## YOUR TASK
Would you please write out each of the entries below exactly, omitting pictures?

Stored entries:
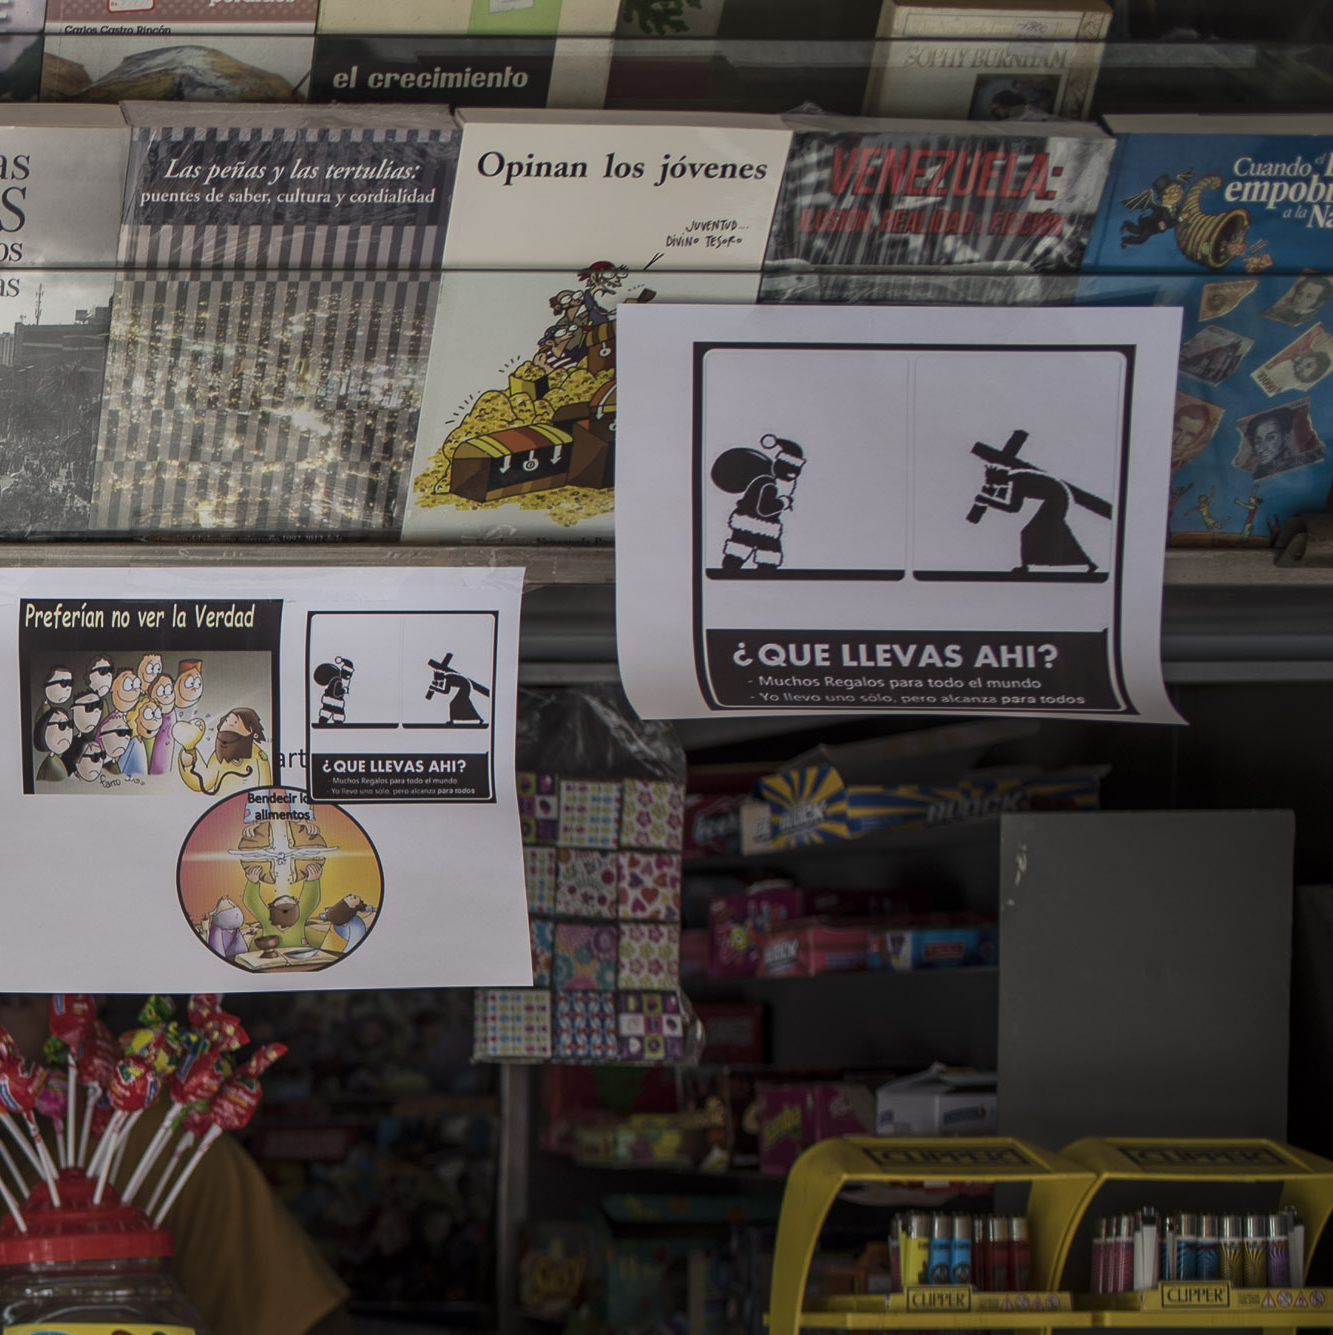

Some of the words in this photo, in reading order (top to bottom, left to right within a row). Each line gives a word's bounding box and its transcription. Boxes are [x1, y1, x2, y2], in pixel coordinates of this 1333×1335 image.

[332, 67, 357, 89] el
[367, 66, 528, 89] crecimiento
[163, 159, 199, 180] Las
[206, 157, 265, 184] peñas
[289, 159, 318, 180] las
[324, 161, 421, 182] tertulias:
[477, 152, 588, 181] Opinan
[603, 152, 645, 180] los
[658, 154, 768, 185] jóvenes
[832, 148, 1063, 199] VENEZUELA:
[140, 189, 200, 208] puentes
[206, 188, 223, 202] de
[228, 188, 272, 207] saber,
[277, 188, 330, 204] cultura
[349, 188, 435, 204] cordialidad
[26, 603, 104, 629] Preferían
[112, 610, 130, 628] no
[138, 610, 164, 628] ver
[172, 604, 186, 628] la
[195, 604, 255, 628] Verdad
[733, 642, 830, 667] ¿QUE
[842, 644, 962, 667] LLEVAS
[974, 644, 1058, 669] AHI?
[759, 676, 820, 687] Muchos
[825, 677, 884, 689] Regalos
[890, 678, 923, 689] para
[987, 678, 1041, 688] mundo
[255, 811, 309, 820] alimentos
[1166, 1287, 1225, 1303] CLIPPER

## OUTPUT FOR THIS TASK
Some of the words in this photo, in reading order (top to bottom, left to right within a row). Each line gives a word's bounding box and its transcription. Boxes are [x1, y1, x2, y2], in pixel coordinates of this 1333×1335 image.

[332, 67, 357, 89] el
[367, 66, 528, 89] crecimiento
[163, 159, 199, 180] Las
[206, 157, 265, 184] peñas
[289, 159, 318, 180] las
[324, 161, 421, 182] tertulias:
[477, 152, 588, 181] Opinan
[603, 152, 645, 180] los
[658, 154, 768, 185] jóvenes
[832, 148, 1063, 199] VENEZUELA:
[140, 189, 200, 208] puentes
[206, 188, 223, 202] de
[228, 188, 272, 207] saber,
[277, 188, 330, 204] cultura
[349, 188, 435, 204] cordialidad
[26, 603, 104, 629] Preferían
[112, 610, 130, 628] no
[138, 610, 164, 628] ver
[172, 604, 186, 628] la
[195, 604, 255, 628] Verdad
[733, 642, 830, 667] ¿QUE
[842, 644, 962, 667] LLEVAS
[974, 644, 1058, 669] AHI?
[759, 676, 820, 687] Muchos
[825, 677, 884, 689] Regalos
[890, 678, 923, 689] para
[987, 678, 1041, 688] mundo
[255, 811, 309, 820] alimentos
[1166, 1287, 1225, 1303] CLIPPER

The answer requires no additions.